(Data listing begins)

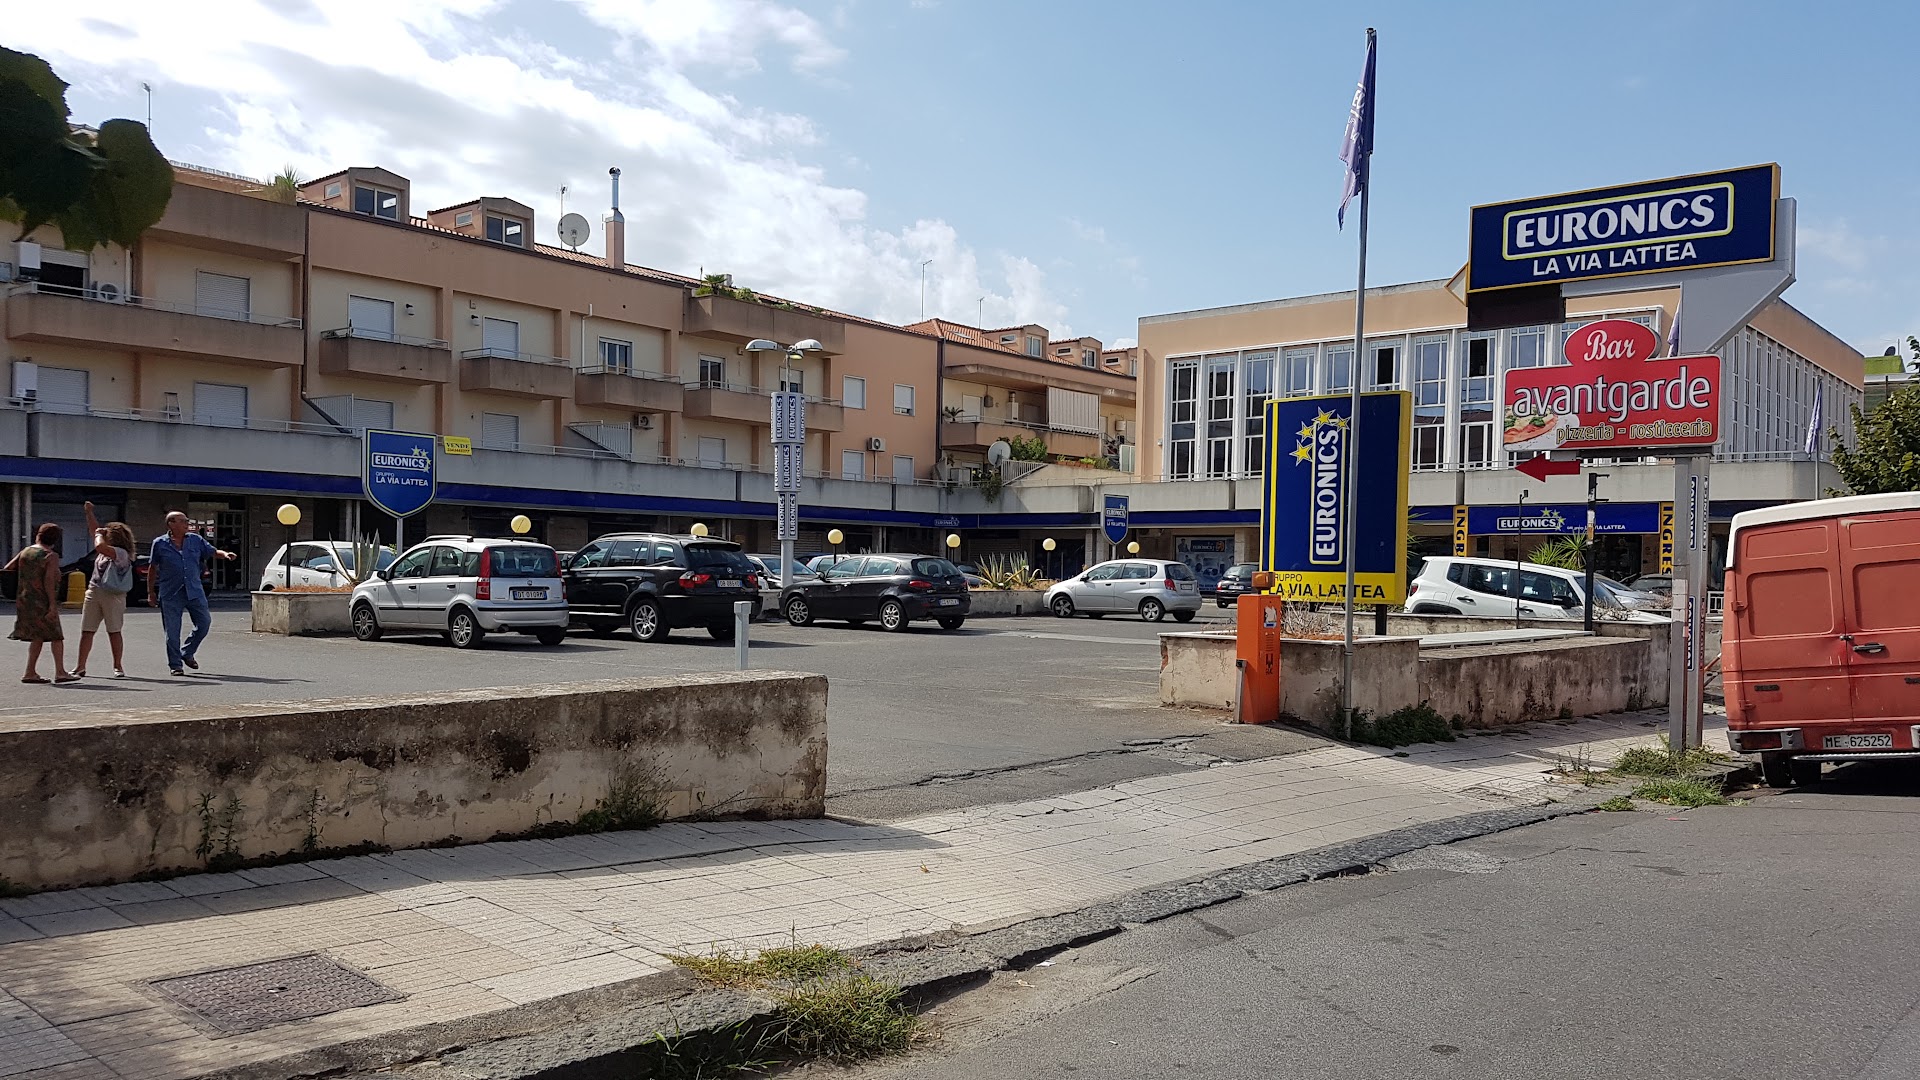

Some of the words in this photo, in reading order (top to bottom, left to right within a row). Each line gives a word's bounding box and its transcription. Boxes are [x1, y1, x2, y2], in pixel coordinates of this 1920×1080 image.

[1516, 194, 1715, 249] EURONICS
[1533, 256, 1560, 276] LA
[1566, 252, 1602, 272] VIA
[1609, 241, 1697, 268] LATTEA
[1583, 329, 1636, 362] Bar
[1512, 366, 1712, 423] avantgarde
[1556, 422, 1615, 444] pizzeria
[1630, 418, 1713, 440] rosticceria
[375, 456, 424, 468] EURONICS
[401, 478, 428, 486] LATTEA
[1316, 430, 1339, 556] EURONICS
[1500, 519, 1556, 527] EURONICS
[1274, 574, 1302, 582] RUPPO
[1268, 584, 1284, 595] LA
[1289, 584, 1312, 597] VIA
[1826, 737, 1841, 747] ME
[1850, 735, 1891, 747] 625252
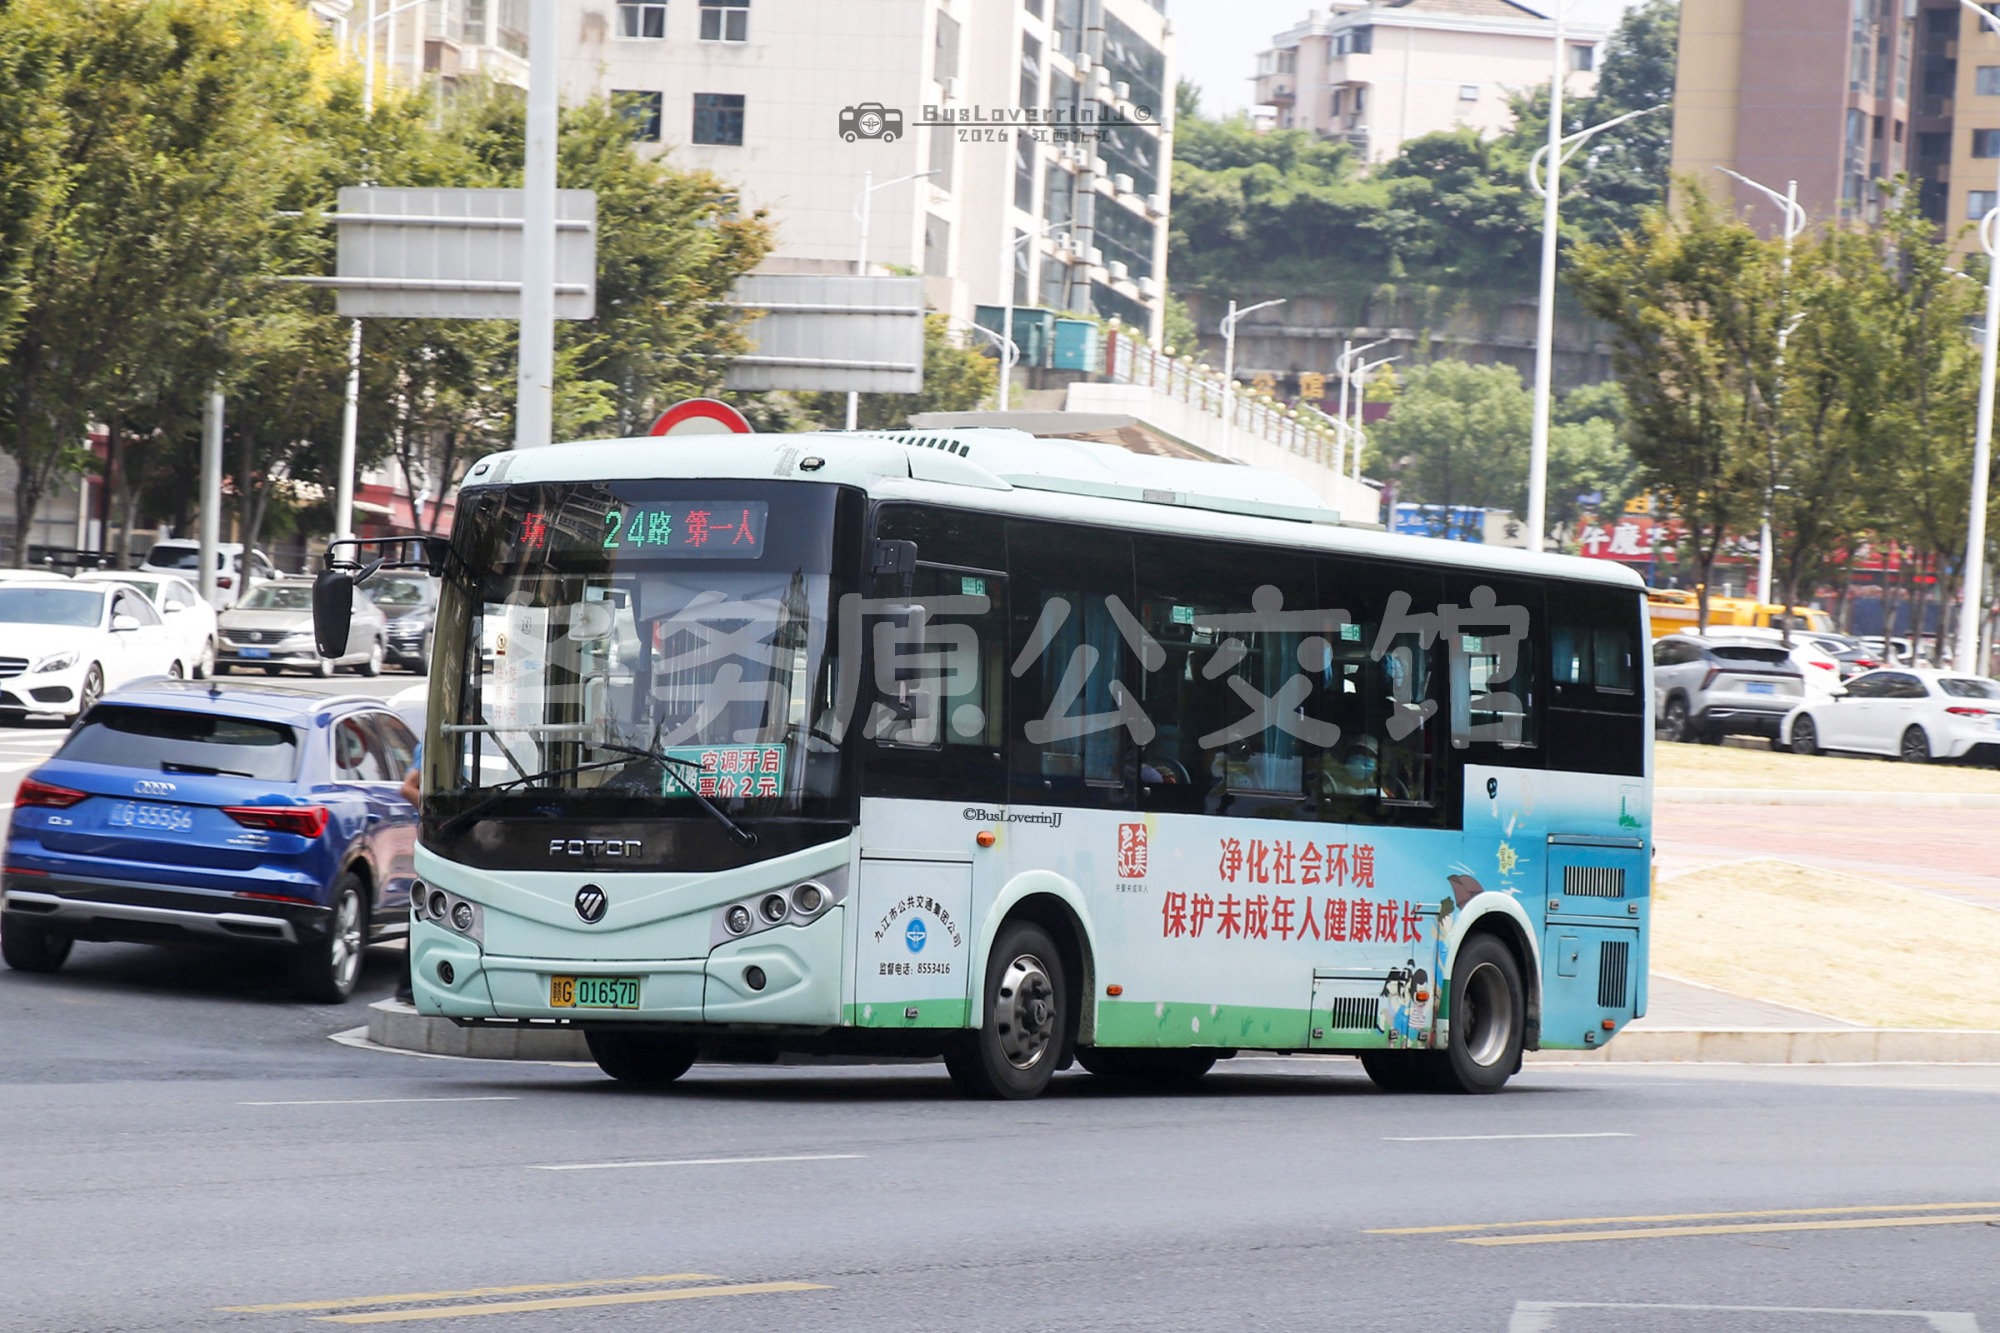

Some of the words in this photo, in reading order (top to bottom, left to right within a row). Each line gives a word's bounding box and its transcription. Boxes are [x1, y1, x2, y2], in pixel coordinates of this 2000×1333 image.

(Data listing ends)

Pictures stay out. Everything else in the listing gets printed exactly.

Answer for this exercise:
Some of the words in this photo, in reading order (top to bottom, left to right within a row). Each line gives a word's bounding box and its transcription. Boxes are [x1, y1, x2, y2], in pixel coordinates of this 1920×1080 image.

[1516, 194, 1715, 249] EURONICS
[1533, 256, 1560, 276] LA
[1566, 252, 1602, 272] VIA
[1609, 241, 1697, 268] LATTEA
[1583, 329, 1636, 362] Bar
[1512, 366, 1712, 423] avantgarde
[1556, 422, 1615, 444] pizzeria
[1630, 418, 1713, 440] rosticceria
[375, 456, 424, 468] EURONICS
[401, 478, 428, 486] LATTEA
[1316, 430, 1339, 556] EURONICS
[1500, 519, 1556, 527] EURONICS
[1274, 574, 1302, 582] RUPPO
[1268, 584, 1284, 595] LA
[1289, 584, 1312, 597] VIA
[1826, 737, 1841, 747] ME
[1850, 735, 1891, 747] 625252

Some of the words in this photo, in reading order (top to bottom, left to right within a row). Each line gives a word's bounding box and its transcription. Boxes are [x1, y1, x2, y2], in pixel coordinates of this 2000×1333 image.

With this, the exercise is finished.